Oikawa Hirotaka, Goh Wilson W B, Lim Vania K J, Wong Limsoon, Sng Judy C G
Neuroepigenetics Laboratory, Singapore Institute for Clinical Sciences, Agency for Science and Technology (A*STAR), Singapore.
School of Pharmaceutical Science and Technology, Tianjin University, China; School of Computing, National University of Singapore, Singapore.
Neurochem Int. 2015 Dec;91:62-71. doi: 10.1016/j.neuint.2015.10.010. Epub 2015 Oct 27.
Valproic acid (VPA) is an anti-convulsant drug that is recently shown to have neuroregenerative therapeutic actions.
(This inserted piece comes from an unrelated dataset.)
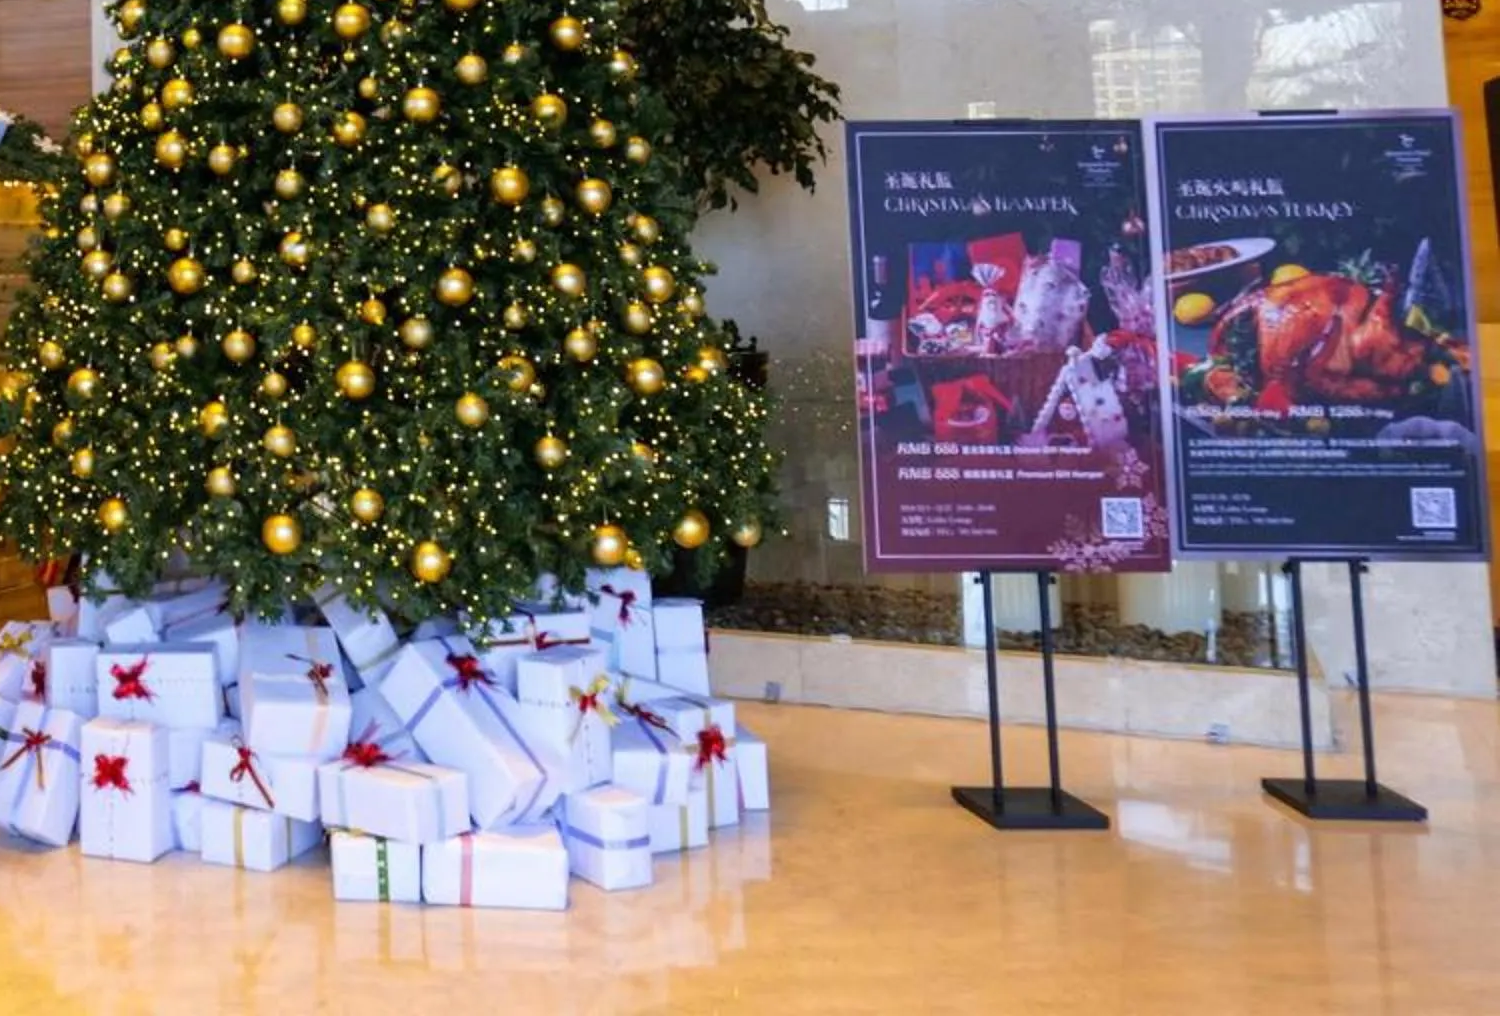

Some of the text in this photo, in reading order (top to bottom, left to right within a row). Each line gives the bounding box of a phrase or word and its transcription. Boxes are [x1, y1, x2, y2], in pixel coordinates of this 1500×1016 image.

[884, 196, 1078, 216] CHRISTMAS HAMPER
[1175, 201, 1354, 222] CHRISTMAS TURKEY
In this study, we investigate the underlying molecular mechanism of VPA and its effects on Bdnf transcription through microRNAs (miRNAs) and their corresponding target proteins. Using in silico algorithms, we predicted from our miRNA microarray and iTRAQ data that miR-124 is likely to target at guanine nucleotide binding protein alpha inhibitor 1 (GNAI1), an adenylate cyclase inhibitor. With the reduction of GNAI1 mediated by VPA, the cAMP is enhanced to increase Bdnf expression. The levels of GNAI1 protein and Bdnf mRNA can be manipulated with either miR-124 mimic or inhibitor. In summary, we have identified a novel molecular mechanism of VPA that induces miR-124 to repress GNAI1. The implication of miR-124→GNAI1→BDNF pathway with valproic acid treatment suggests that we could repurpose an old drug, valproic acid, as a clinical application to elevate neurotrophin levels in treating neurodegenerative diseases.
丙戊酸(VPA)是一种抗惊厥药物,最近被证明具有神经再生治疗作用。在本研究中,我们通过微小RNA(miRNA)及其相应的靶蛋白,研究了VPA的潜在分子机制及其对脑源性神经营养因子(Bdnf)转录的影响。利用计算机算法,我们从miRNA微阵列和iTRAQ数据预测,miR-124可能靶向鸟嘌呤核苷酸结合蛋白α抑制因子1(GNAI1),一种腺苷酸环化酶抑制剂。随着VPA介导的GNAI1减少,环磷酸腺苷(cAMP)增加,从而增加Bdnf表达。miR-124模拟物或抑制剂均可调控GNAI1蛋白水平和Bdnf mRNA水平。总之,我们发现了VPA诱导miR-124抑制GNAI1的新分子机制。丙戊酸治疗中miR-124→GNAI1→BDNF途径的意义表明,我们可以将旧药丙戊酸重新用于临床,以提高神经营养因子水平来治疗神经退行性疾病。